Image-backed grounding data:
□ □ □ □ □

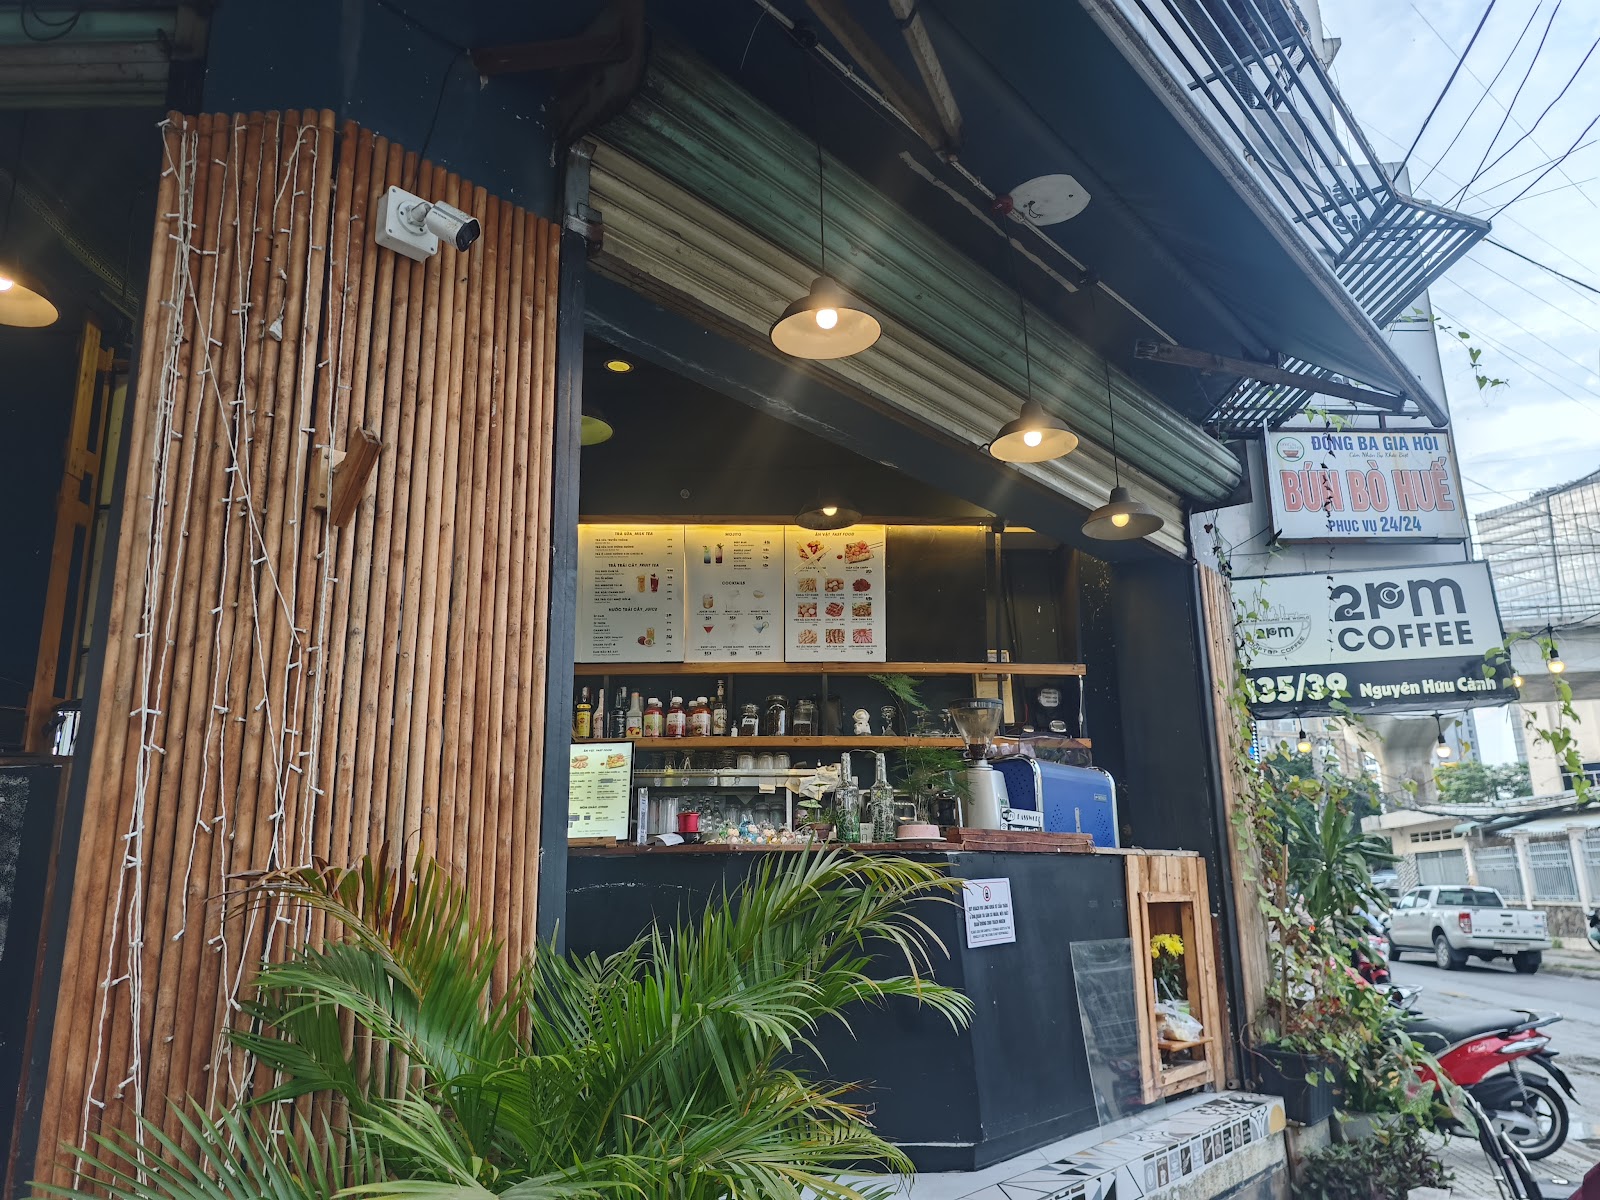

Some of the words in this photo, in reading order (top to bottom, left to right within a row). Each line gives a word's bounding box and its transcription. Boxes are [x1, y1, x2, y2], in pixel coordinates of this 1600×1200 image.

[1358, 437, 1379, 451] BA
[1383, 437, 1409, 451] GIA
[1413, 433, 1439, 454] HỘI
[1280, 461, 1345, 512] BÚN
[1346, 460, 1390, 512] BÒ
[1391, 456, 1456, 512] HUẾ
[1330, 520, 1359, 535] PHỤC
[1362, 519, 1377, 535] VỤ
[1380, 516, 1422, 532] 24/24
[1330, 578, 1467, 622] 2pm
[1337, 620, 1474, 652] COFFEE
[1246, 672, 1348, 704] 135/39
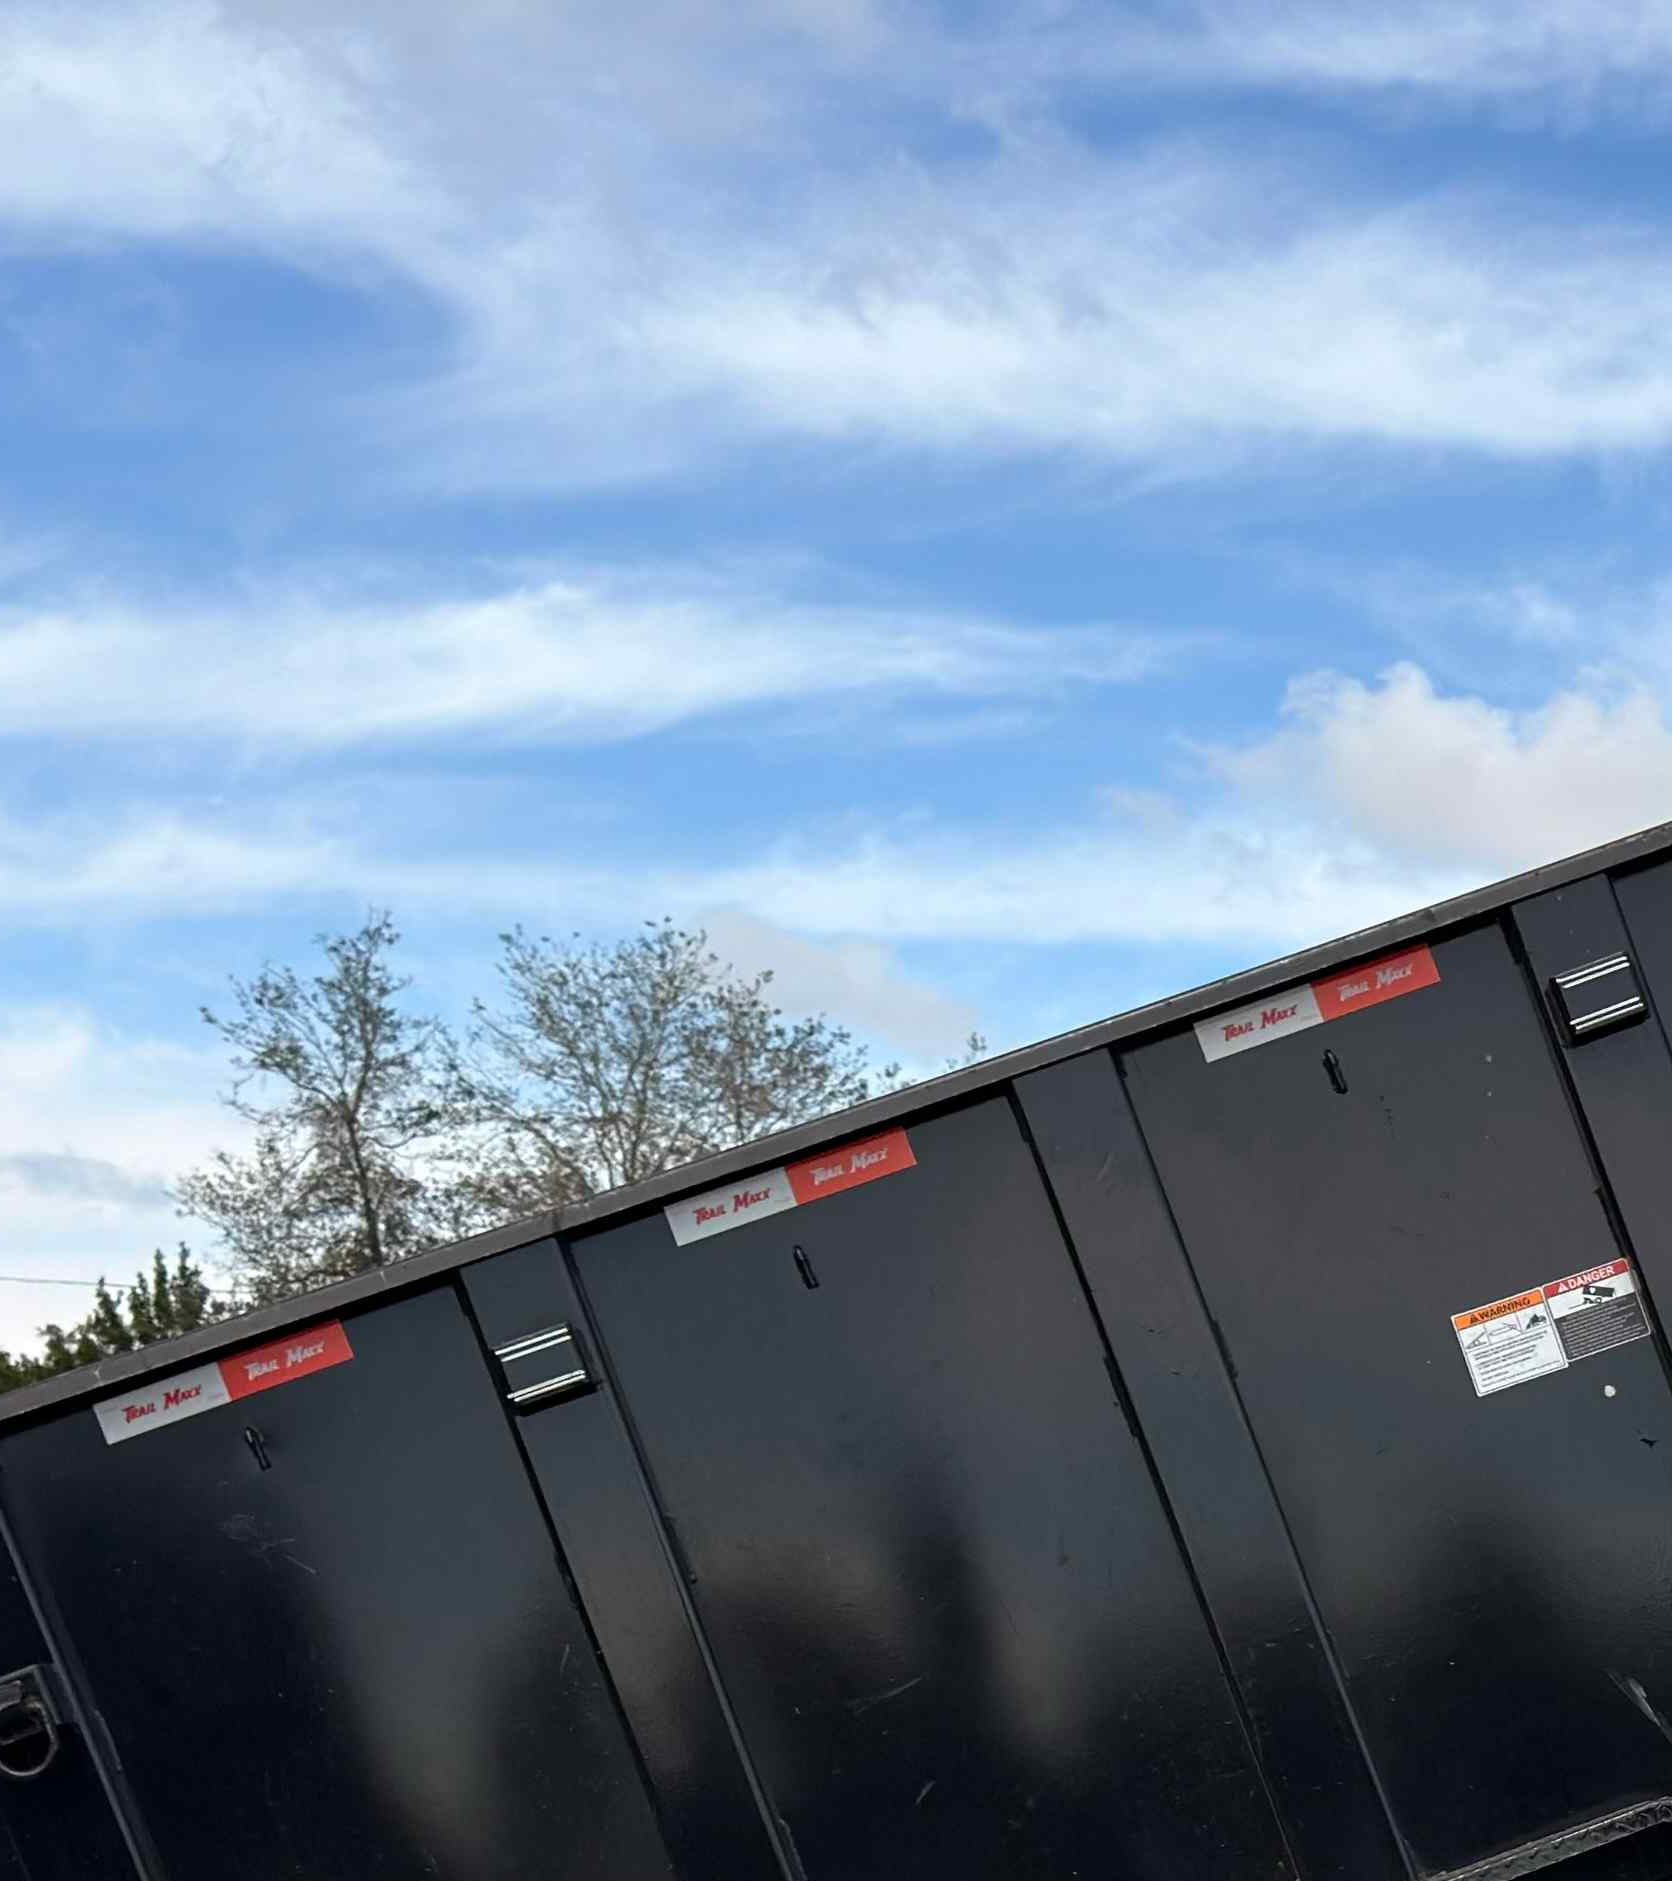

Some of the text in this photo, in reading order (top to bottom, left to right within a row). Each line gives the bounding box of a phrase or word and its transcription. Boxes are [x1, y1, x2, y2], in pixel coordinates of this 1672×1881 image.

[1337, 963, 1413, 1001] TRAIL MAXX
[1220, 1004, 1298, 1042] TRAIL MAXX
[810, 1147, 889, 1186] TRAIL MAXX
[693, 1187, 771, 1225] TRAIL MAXX
[1568, 1265, 1616, 1289] DANGER
[1479, 1296, 1531, 1322] WARNING
[244, 1341, 327, 1380] TRAIL MAXX
[122, 1384, 202, 1423] TRAIL MAXX

□ □ □ □ □

**About this exercise**
Please print out the entries above exactly. The pictures stay out.

**Written answer**
Some of the words in this photo, in reading order (top to bottom, left to right within a row). Each line gives a word's bounding box and its transcription. Boxes are [x1, y1, x2, y2], in pixel coordinates of this 1600×1200 image.

[1358, 437, 1379, 451] BA
[1383, 437, 1409, 451] GIA
[1413, 433, 1439, 454] HỘI
[1280, 461, 1345, 512] BÚN
[1346, 460, 1390, 512] BÒ
[1391, 456, 1456, 512] HUẾ
[1330, 520, 1359, 535] PHỤC
[1362, 519, 1377, 535] VỤ
[1380, 516, 1422, 532] 24/24
[1330, 578, 1467, 622] 2pm
[1337, 620, 1474, 652] COFFEE
[1246, 672, 1348, 704] 135/39

Some of the text in this photo, in reading order (top to bottom, left to right within a row). Each line gives the bounding box of a phrase or word and its transcription. Boxes are [x1, y1, x2, y2], in pixel coordinates of this 1672×1881 image.

[1337, 963, 1413, 1001] TRAIL MAXX
[1220, 1004, 1298, 1042] TRAIL MAXX
[810, 1147, 889, 1186] TRAIL MAXX
[693, 1187, 771, 1225] TRAIL MAXX
[1568, 1265, 1616, 1289] DANGER
[1479, 1296, 1531, 1322] WARNING
[244, 1341, 327, 1380] TRAIL MAXX
[122, 1384, 202, 1423] TRAIL MAXX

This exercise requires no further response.